DGR for spent nuclear fuel is unnecessary, says professor

The need for a Deep Geological Repository (DGR) for spent CANDU nuclear fuel in South Bruce or Ignace, is completely unnecessary since recycling, which eliminates the million-year radiotoxicity of the spent fuel, is much more sensible.
 
Recent OpEd’s in two national newspapers (MacClearn, Globe and Mail, March 19; Walkom, Toronto Star, March 26) described the agonies of the people of South Bruce and Ignace in deciding on whether to accept a DGR for high-level used nuclear fuel on their lands.

There is no need for such agonies. The DGR is not needed. There are better, more productive and societally more useful and acceptable approaches to eliminating Canada’s so-called nuclear fuel “waste”… we can recycle it through fast-spectrum Small Modular Reactors (SMRs).

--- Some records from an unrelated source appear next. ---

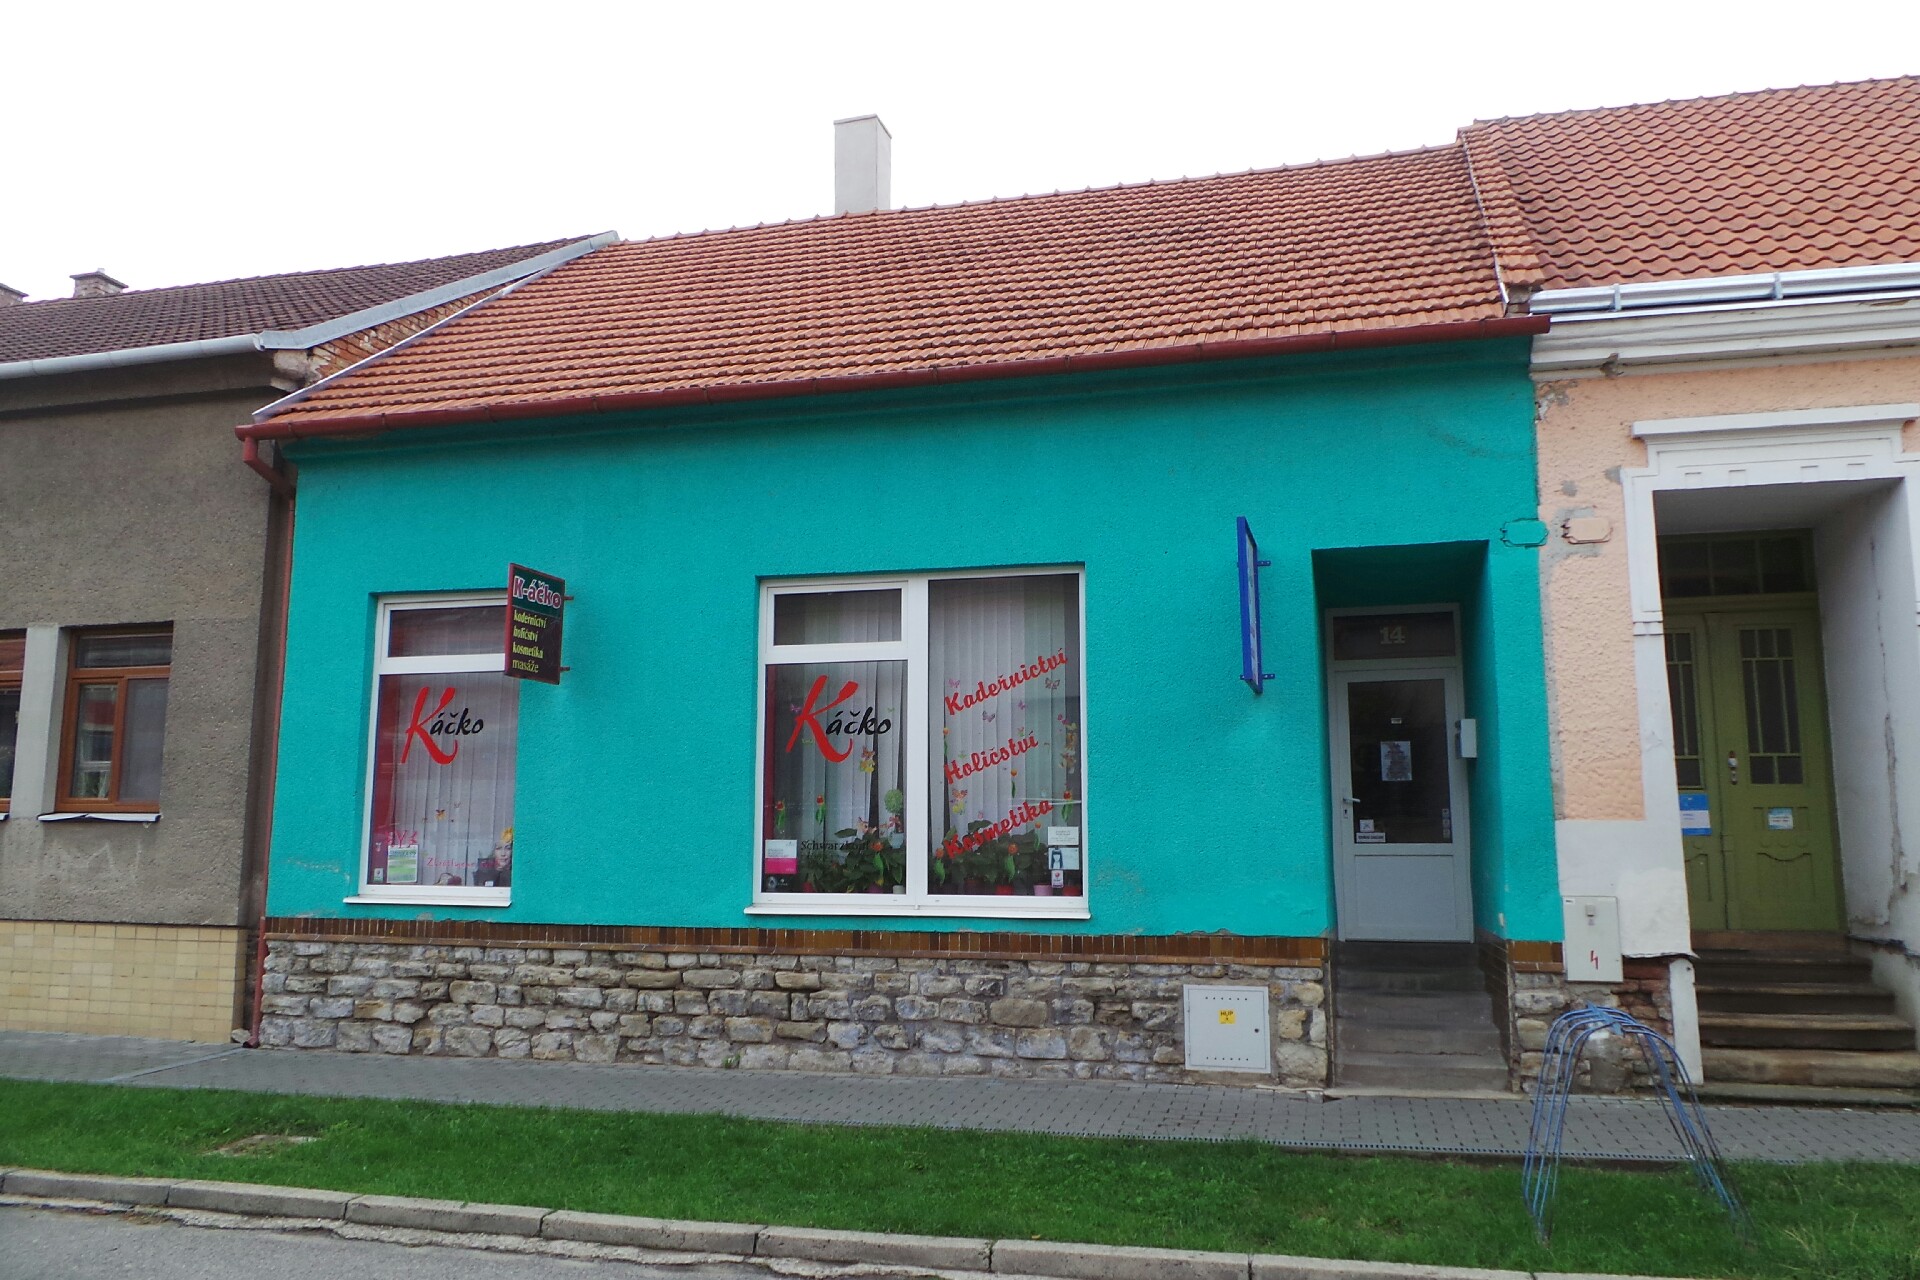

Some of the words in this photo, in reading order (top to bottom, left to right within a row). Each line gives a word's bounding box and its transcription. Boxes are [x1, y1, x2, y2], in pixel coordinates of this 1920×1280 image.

[513, 575, 561, 608] K-áčko
[512, 641, 544, 659] kosmetika
[1379, 626, 1406, 645] 14
[512, 659, 539, 673] masáže
[944, 647, 1069, 716] Kadeřnictví
[401, 686, 484, 765] Káčko
[785, 675, 892, 763] Káčko
[944, 730, 1039, 785] Holičství
[943, 800, 1055, 859] Kosmetika

The technology already exists.
 
Firstly, though, we have to call a spade a spade. The “waste” is not waste at all. It is very slightly-used fuel still with over 99 per cent of its energy untapped, able to provide plenty more non-carbon electricity to help mitigate climate change.  Less than one per cent of this uranium fuel has been consumed to create the huge amounts of non-carbon nuclear energy produced since the 1970s in Canada’s CANDU reactors.

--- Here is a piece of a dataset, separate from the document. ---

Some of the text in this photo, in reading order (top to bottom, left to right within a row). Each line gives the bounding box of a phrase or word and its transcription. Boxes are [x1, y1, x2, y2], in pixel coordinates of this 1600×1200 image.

How to extract the remaining energy, the other 99 per cent, was already established in the United States in 1951, with a small metal-cooled demonstration reactor, the EBR-1. Full fuel recycling was developed in the ‘80s on a larger version, the EBR-2.
 
Such full-energy extraction with recycling is a much better approach to nuclear “waste management.” It provides about 130 times more non-carbon energy by consuming all of the same used CANDU fuel; thereby, eliminating its long-term, million-year radiotoxicity. Instead, Canada’s Nuclear Waste Management Organization (NWMO) chose a different mandate in 2005, to bury the CANDU “waste” in a planned DGR.
 
A bit more history: the molten-metal-cooled EBR reactors used enriched uranium fuel. Canada went in a different direction using water-cooled reactors, and so did the rest of the world.
 
We designed and built the CANDU reactors fuelled with natural uranium to avoid enriching uranium, since enrichment easily leads to nuclear weapons. The CANDUs were the right reactors for Canada at the time, and the most fuel-efficient of all water-cooled reactors. Yet, even today, they still use only 0.74 per cent of the fuel and leave the remaining 99.26 per cent of the available energy unused. 
 
That’s awfully wasteful compared to using 100 per cent with recycling. It’s like having only one lick of a chocolate bar and throwing the rest away.
 
Yes, the used fuel is highly radiotoxic and will remain so for about 400,000 years - unless we start using the knowledge already developed from 1950-80 on how to recycle the fuel. That is beginning to happen right now with the potential introduction in Canada of many different varieties of SMRs.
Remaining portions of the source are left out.